日本商工会議所の三村会頭(新日鉄住金相談役名誉会長)ら財界首脳が7日の年頭会見で、一段の円安を否定的に受け止める見解を示したと報じられています。

 先ず 三村会頭の発言。「円安になったら日本の株価が上がるのはおかしい」

 次に、経済同友会の長谷川代表幹事(武田薬品工業社長)。「あまり円安は歓迎できない」

 どう思いますか?

 私は、個人的には、余りに円安が進むのは歓迎できないとの考えなのですが‥しかし、ネット上では、こうした意見に対して大きな反発が巻き起こっているのです。

 円安を望んでいたのは経済界自身ではなかったのではないか、と。折角、アベノミクスの効果で円安がもたらされたのに文句を言うとは何事か、と。経済学の基本が分かっているのか、と。

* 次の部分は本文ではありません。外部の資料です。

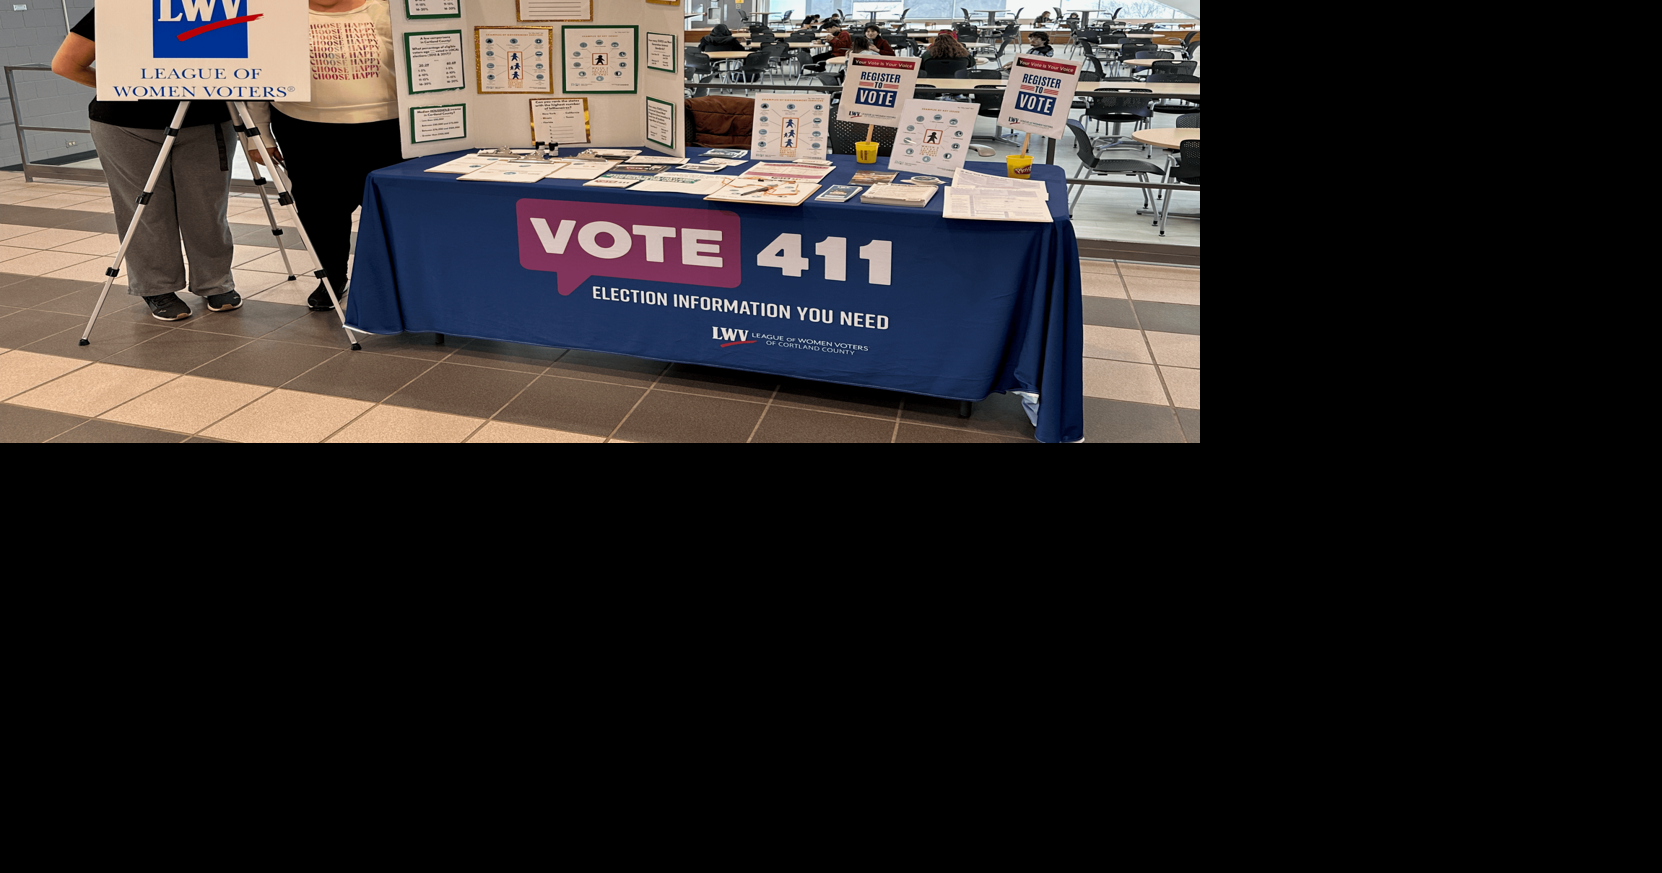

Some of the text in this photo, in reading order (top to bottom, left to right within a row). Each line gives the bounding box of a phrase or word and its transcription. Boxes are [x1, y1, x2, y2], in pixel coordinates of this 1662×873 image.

[141, 68, 263, 79] LEAGUE OF
[860, 71, 901, 83] REGISTER
[1022, 73, 1062, 89] REGISTER
[112, 86, 196, 97] WOMEN
[860, 89, 894, 106] VOTE
[1035, 85, 1044, 94] TO
[1019, 93, 1053, 113] VOTE
[529, 217, 724, 268] VOTE
[757, 232, 893, 286] 411
[592, 285, 889, 331] ELECTION INFORMATION YOU NEED
[712, 326, 749, 342] LWV
[751, 332, 784, 341] LEAGUE
[797, 338, 833, 347] WOMEN
[834, 342, 869, 351] VOTERS
[778, 342, 820, 352] CORTLAND
[821, 347, 855, 355] COUNTY

 まあ、確かにかつては1ドルが90円台の半ば程度が望ましい、なんて言っていた経済界ですから、こうして円安がもたらされて、今更何を文句を言うのだろうか、という気がしないでもないのですが‥

 但し、ネットで匿名をいいことに、品のない批判というか、罵詈雑言を浴びせる人々に言いたい。

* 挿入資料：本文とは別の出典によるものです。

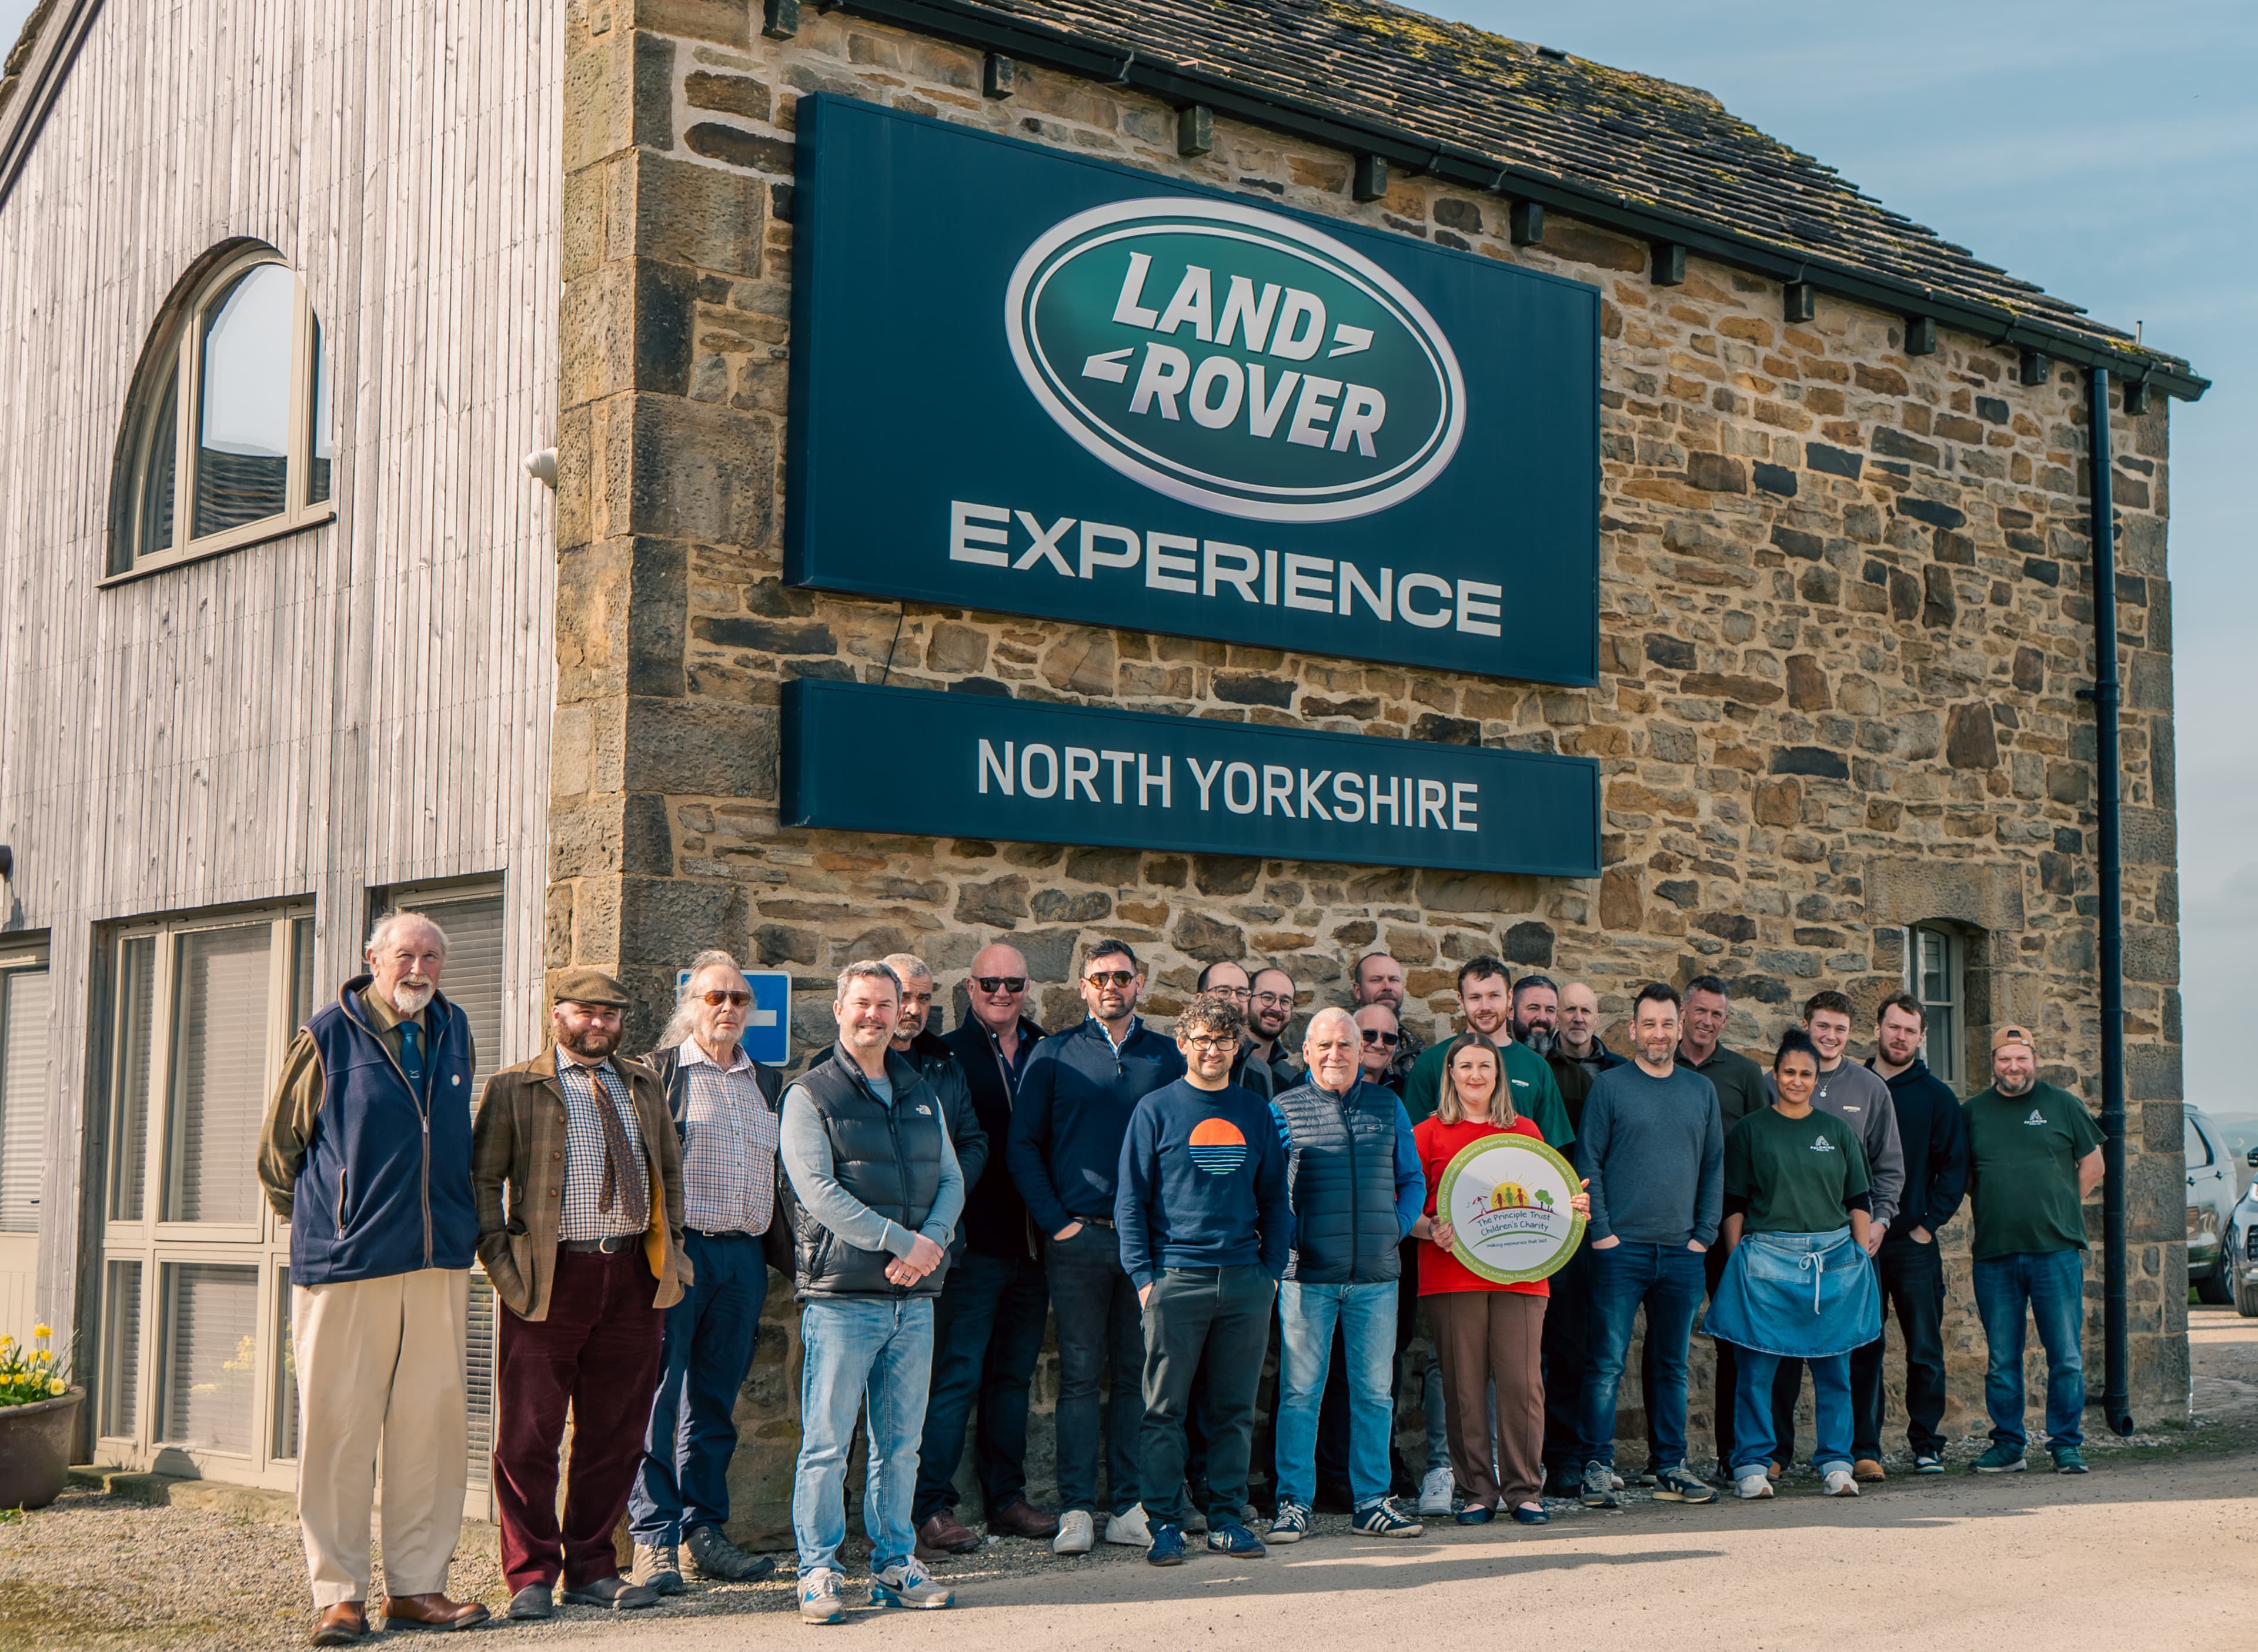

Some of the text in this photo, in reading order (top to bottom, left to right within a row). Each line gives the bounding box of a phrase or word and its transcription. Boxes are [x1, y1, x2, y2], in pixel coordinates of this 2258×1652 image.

 批判するにしても、もう少し冷静に誰もが納得ができるような意見を述べたらどうなのか、と。

 別に私は三村会頭を弁護する気はないのです。というよりも、鉄鋼メーカーの立場上、地球温暖化対策に対して消極的な態度を取ってきた三村氏に対しては全くシンパシーを感じない訳ですが‥それでも、この方、確か東大の経済学部を首席で卒業した方でしょ?

 だから、そういう人に向かって経済学を知らないに違いないと言っても、全然的を得ていないのです。

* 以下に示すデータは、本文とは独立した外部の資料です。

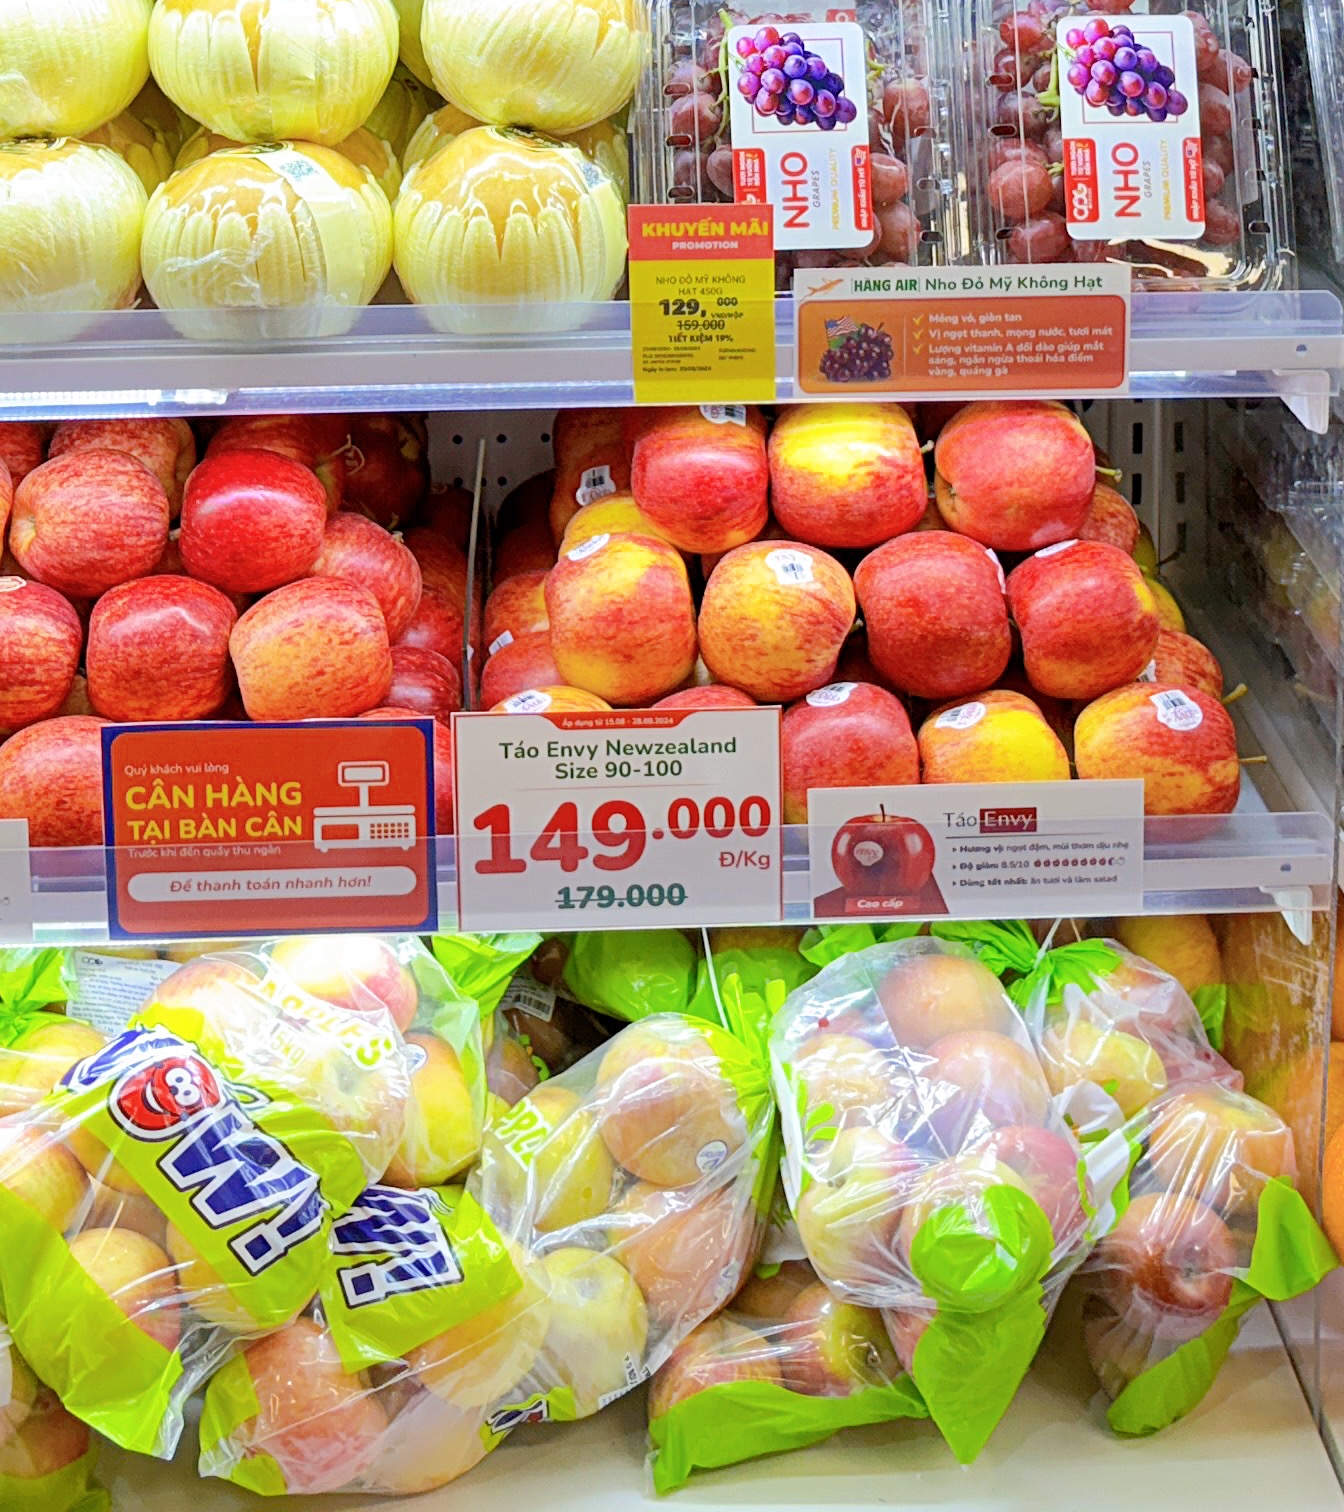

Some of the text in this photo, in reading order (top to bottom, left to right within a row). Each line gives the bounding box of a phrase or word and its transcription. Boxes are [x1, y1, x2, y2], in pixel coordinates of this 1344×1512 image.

 では、何故この二人は、これ以上の円安を歓迎しないと言ったのでしょうか?

 そんなの簡単なことではないですか!?

 要するに、自分たちにとってこれ以上の円安はプラスになるよりもマイナスになる影響の方が大きいからなのです。

 例えば、新日鉄住金の立場としては、円安になることによって海外のライバルメーカーとの関係で輸出競争力が向上する面があるものの、そもそも円安になれば原材料の調達費用が増大するというマイナス面があるからです。それに、そもそも円高対策の意味もあって海外進出を進めてきたことからすれば、円安はマイナスの効果の方が大きくなってしまうのでしょう。

 次に、経済同友会の長谷川会頭についても、武田薬品の社長の立場としては円安によって医薬品の輸出が伸びることが期待できる面があるものの、そもそも我が国の医薬品の輸出入については圧倒的に輸入超過の状態にあり、円安はプラスよりもマイナスに働く効果の方が大きいのです。その上円安になれば特許料の支払いも増大します。また、他の製造業と同じように我が国の製薬メーカーは海外にどんどん進出し、海外における生産比率が高まっているので円安は少しもプラスにならないのです。

 これで彼らが何故円安を歓迎しないかが分かったと思うのですが‥要するに、大企業の経営者たちは、日本対外国というようなものの見方をしていないのです。

 格好よく言えば、彼らはグローバルにものを見ている。つまり、国境など意味がない。大事なことは自社の儲けが増えるかどうか。

 それにもっと言えば、円安だとか円高だとか言う前に、彼らは、為替に関して一定の想定値を設けて事業計画を立てている関係上、その想定レートから大きく逸れることがあれば、事業計画自体を見直す必要に迫られてしまうのです。

 だから、簡単に言えば、当初は円安を歓迎していたものの、思いのほか円安が進み事業計画の練り直しを迫られているのでしょう。だから、彼らは、円安もほどほどにと言いたいのでしょう。

 それに、円安は、一般消費者にとってマイナスに影響することはもちろんのこと、生産者側においても、例えば燃料を大量に消費するような漁業者や運送業界はコストアップのために採算が取れにくくなっているのも事実です。

 にも拘わらず、アベノミクスの正しさを無条件で信じたがっている人々は、アベノミクスによってもたらされた円安が批判されると、今度は、そうした批判に対して倍返しの批判をする訳です。

 いいですか? 経済の現象なんて、全て良い結果だけを生むとか、全て悪い結果だけを生むとかということはなく、良い面もあれば悪い面もある訳です。

 それに、既に述べたように、企業経営者は、日本の利益というよりも自社の利益を優先する立場にあり‥その一方で、政治家たちは、飽くまでも国境の存在を前提として日本自身の利益を優先する。だから、そもそも企業経営者と政治家の意見が一致することなどあり得ないのです。

 ということで、経済界の中で、これ以上の円安は望まないという人々がいたとしても、それはそれで当たり前の話ではないのでしょうか。